If you have MORE questions for Ned, please do not ask them here. Go to yesterday's post. I refuse to schlep back and forth between here and there when I cut and paste these all for Ned. It's all for you, Ned! That's only funny if you saw The Omen.
I decided that Ned'd do better if I mailed him all the questions and he could mull them over and compose his thoughtful answers to whatever ones he picks. (How much you wanna bet he skims over the "What are your intentions for our June" one?) When we first met, he used to compose his emails to me in Word, then cut and paste them into email, to make sure they were just so. Ned's carefulness is the cutest thing I ever encountered. You will be shocked to hear I'd answer his emails 14 seconds later, slapping down whatever horrid thought I had right then.
Speaking of horrid, which leads us to jazz, we partied down with my pal Jo last night, as we were celebrating the momentous occasion of her birth just 23 years ago. See what I did, there? I shaved some years. Not that she needs that, because bitch looks incredible.
She'd mentioned this album from her youth, where each of the instruments has a name, like Max the Sax. She'd lost hers, and always missed it, so I found it online, because I am the coolest friend ever.

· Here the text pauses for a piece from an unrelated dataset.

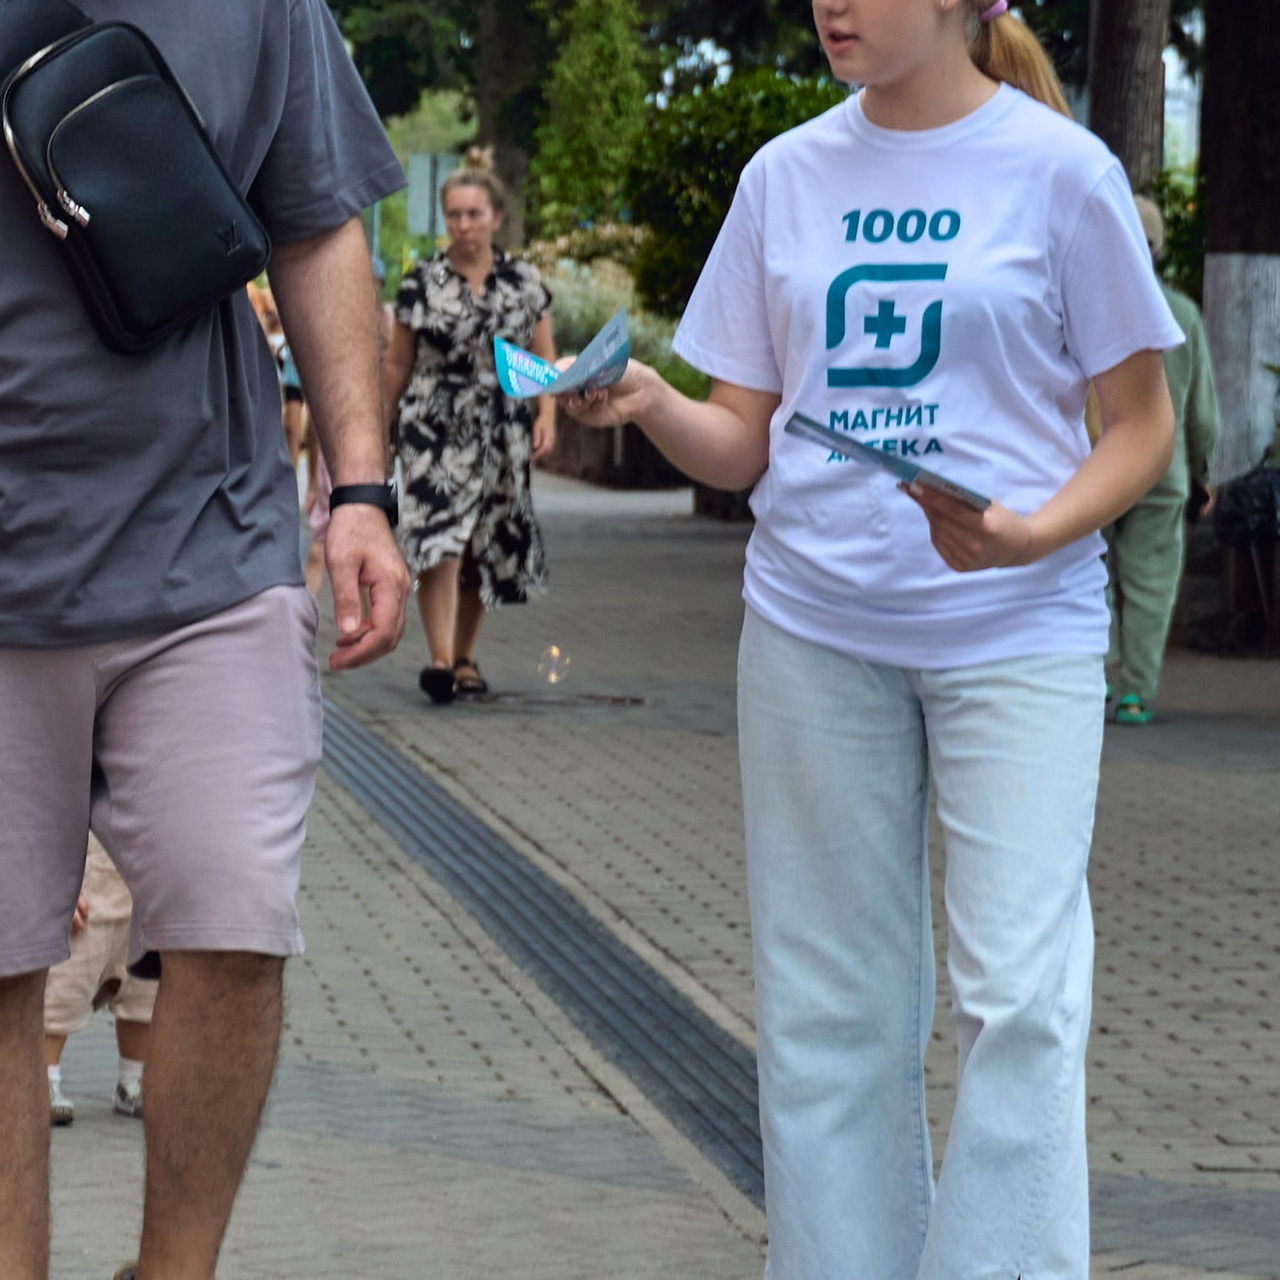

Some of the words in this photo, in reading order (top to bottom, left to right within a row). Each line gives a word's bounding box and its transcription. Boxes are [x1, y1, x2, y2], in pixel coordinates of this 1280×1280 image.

[841, 208, 961, 244] 1000
[829, 404, 939, 431] МАГНИТ
[826, 438, 943, 463] АТЕКА

I also got her this card, and let me tell you this fascinating piece of info. I really have a new favorite color, and it's this shade of blue. I KNOW! I've been a pink girl all my life, and I do not know if this is a phase, or if the traumatic events of the past five years have shifted my brain, or what all. I'm just telling you I gravitate to this color now, which I guess we could call Tiffany blue. Let's. Let's call it Tiffany blue, as it may encourage people to give me things in Tiffany boxes.
See. This is why sometimes this blog takes me forever. I had to go around and photograph all the Tiffany blue things I've purchased in the last year or so. But as you can see, there is a theme. Also I should state, for the record, that the first jewelry shot that includes those beautiful blue earrings sitting to the side? Those were given to me by Faithful Reader Hibiscus Wilson for my birthday, and I find EVERY REASON POSSIBLE to wear them.

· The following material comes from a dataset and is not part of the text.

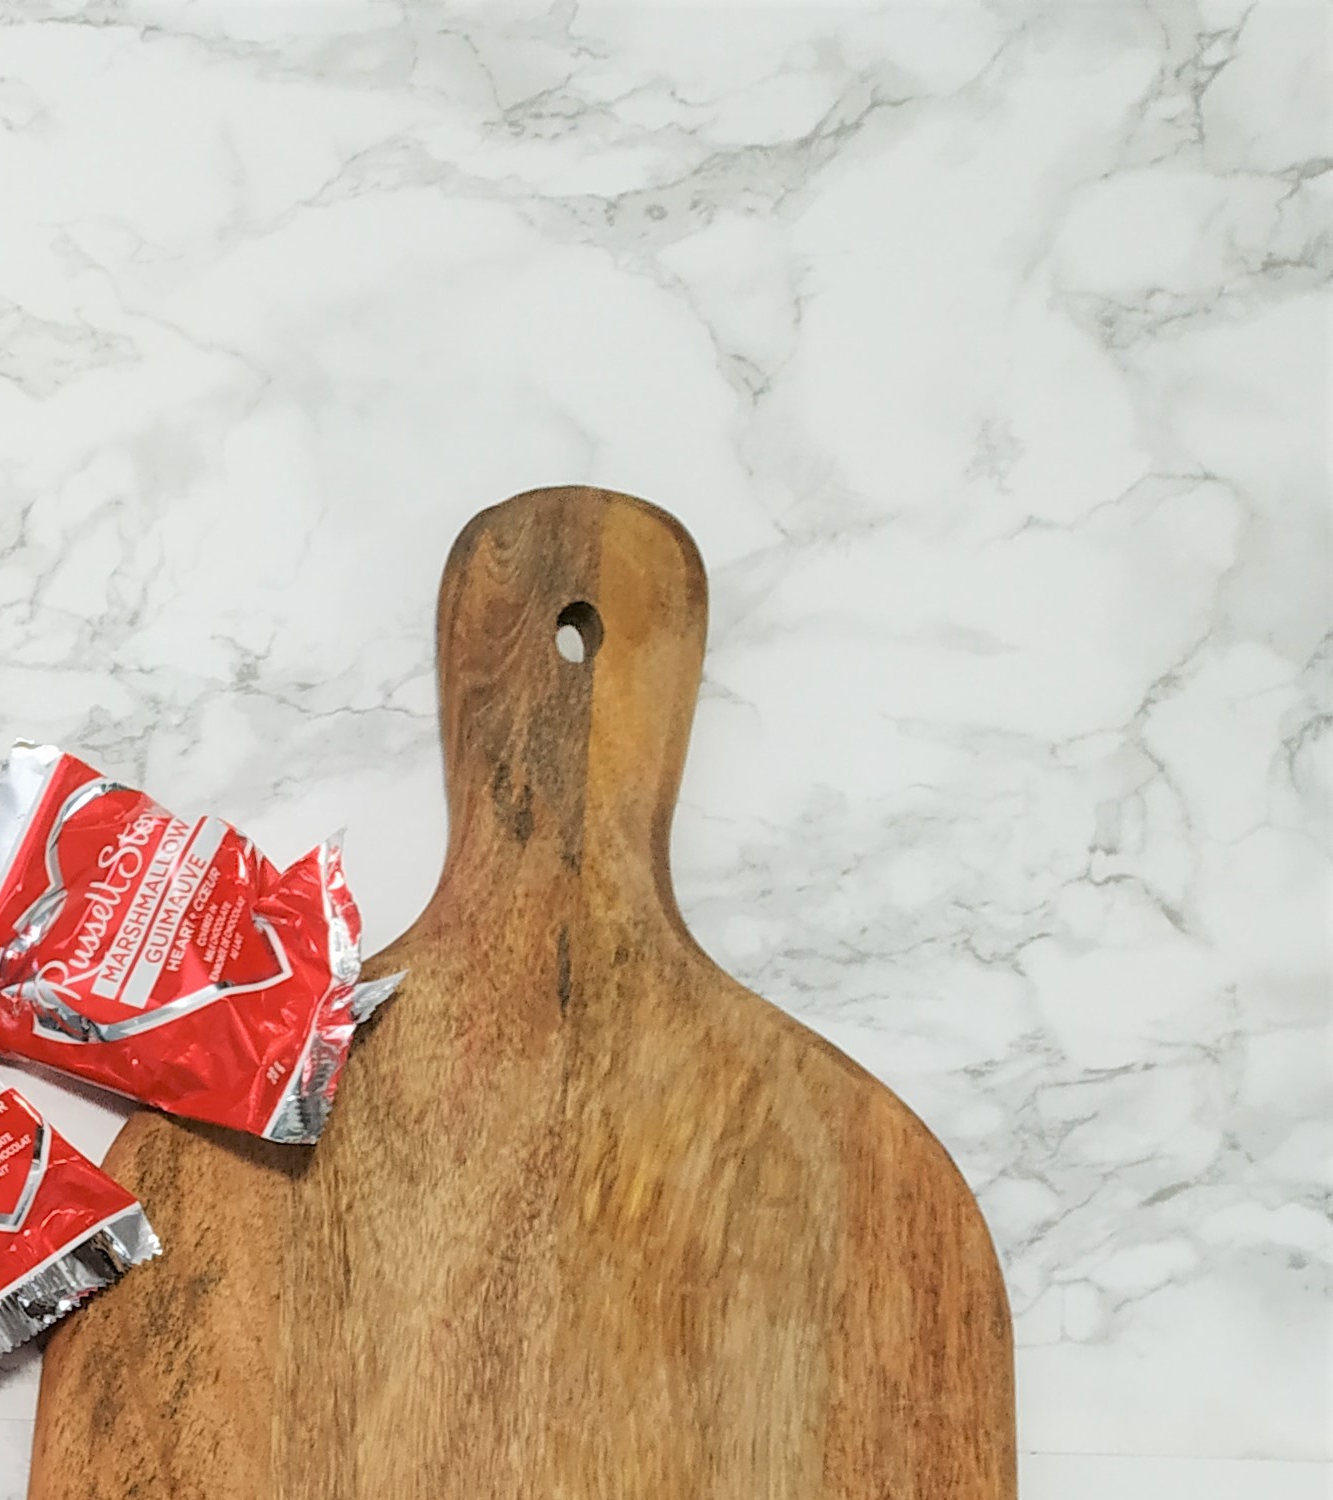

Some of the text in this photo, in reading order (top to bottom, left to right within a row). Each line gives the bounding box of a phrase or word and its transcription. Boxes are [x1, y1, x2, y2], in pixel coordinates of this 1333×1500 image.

How the hell did I get on this tangent?
Oh. Jo's party. Right.
So, my pal Kit was there, and I guess I don't need to tell you I loved her glasses. So much so that I took another of my professional shots of it. I TOTALLY NEED a better iPhone. Yes, I know. I can't have one. BUT IT'S FOR MY ART!

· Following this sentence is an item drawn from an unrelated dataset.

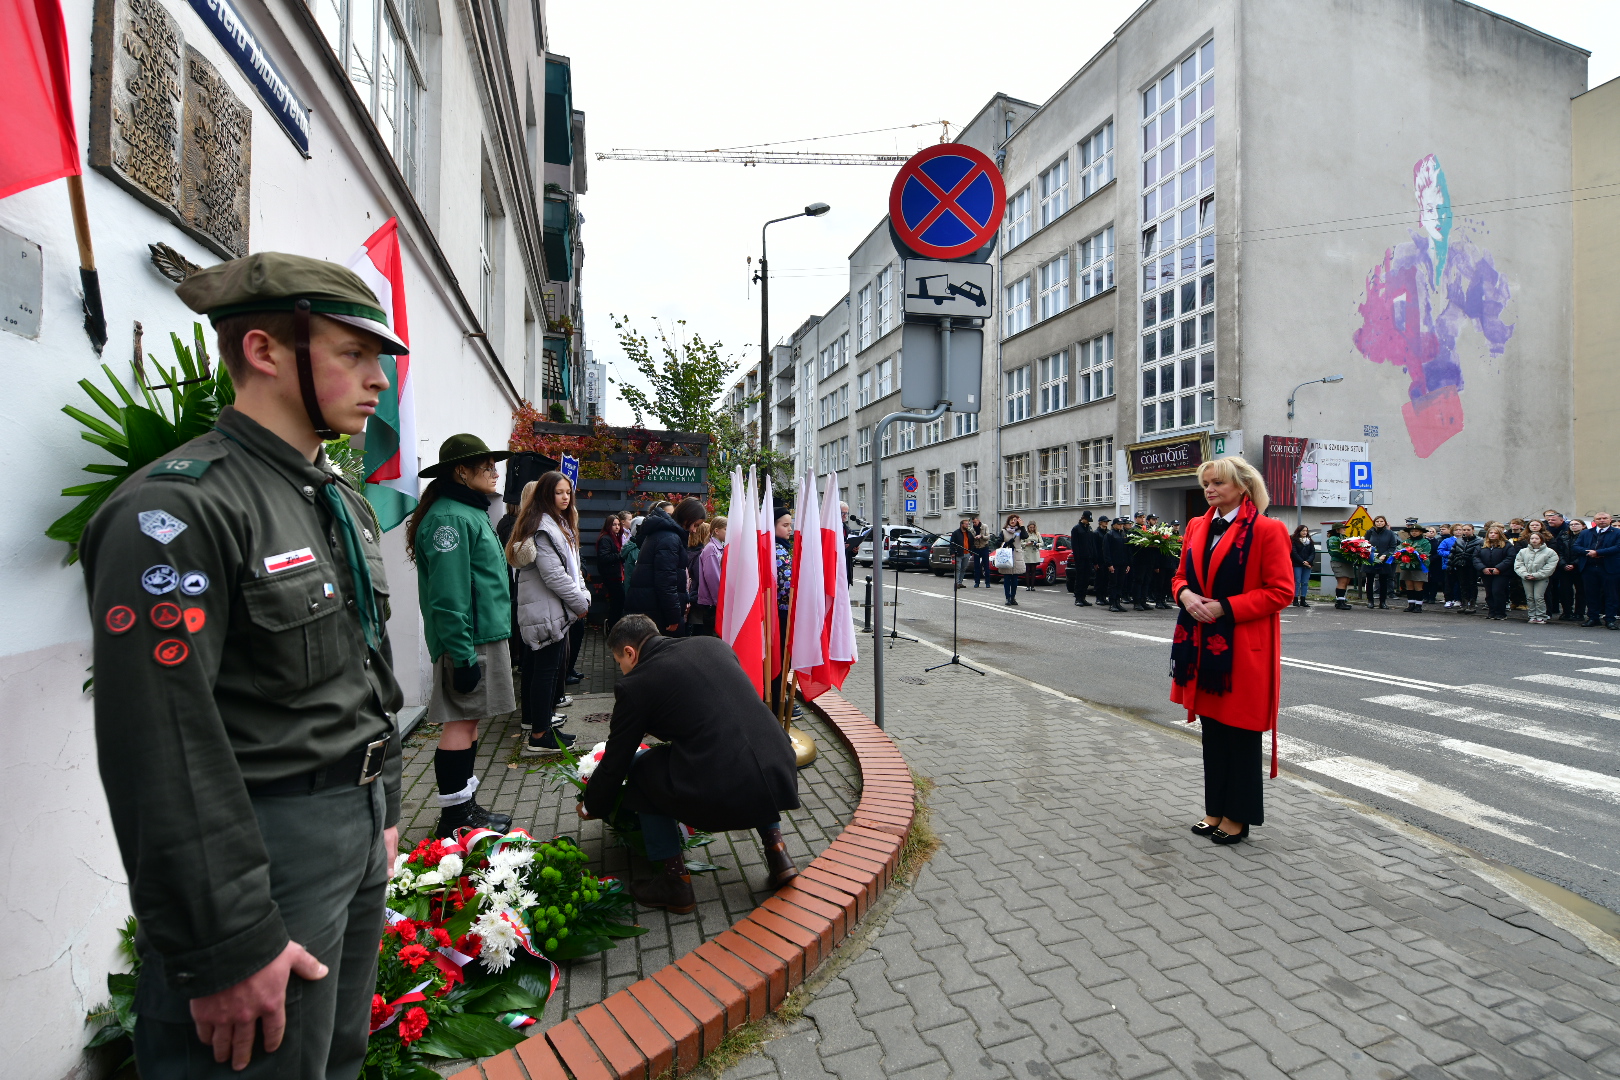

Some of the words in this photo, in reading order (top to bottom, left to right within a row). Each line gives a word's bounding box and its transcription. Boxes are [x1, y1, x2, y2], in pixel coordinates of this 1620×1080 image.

[1216, 440, 1224, 452] A
[165, 460, 193, 470] 15
[635, 464, 696, 477] GERANIUM
[1355, 465, 1367, 486] P

In fact, lots of people, including my hair, were present for Jo, because she is da bomb and everyone loves her.
We were all having a great time, except for one thing. The thing that officially makes us old.
"Does it have to be so LOUD in here?" I groused to Ned, who'd had the worst day ever and was starving to death and probably just wanted to be in a dark room opening a vein.
We ALL complained about the noise, because it's a big open room, and the band felt the need to turn it up to 11, and even better, they were jazz. Jazz. Is there anything I hate more than jazz?
Okay, people who say "pin number." But nothing else.
Okay, the place down the street with the name Workout Anytime. You work out during your workout. Why does God see fit to put irksome things in my path?
That's it, though. Just those things, then jazz.
Monty Python.
BUT RIGHT AFTER THAT, JAZZ.
Cilantro.
Okay, anyway. The point is, I tried to veedeotape the band for you, so you could share in my suffering, because what's the point of suffering unless everyone joins you, but all you can hear is me saying I'm in hell and Ned saying no I'm NOT in hell, and I like how he gets to decide this.
Am I always that loud? Is it just because the phone/veedeo thing is right next to me, or do I speak in my outdoor, hello-I'm-on-Broadway-and-you're-in-the-last-row voice all the time?
The point is? Good bash. And happy birthday, Jo, which I just mistyped "Ho" and slayed my own self.
June. In hell.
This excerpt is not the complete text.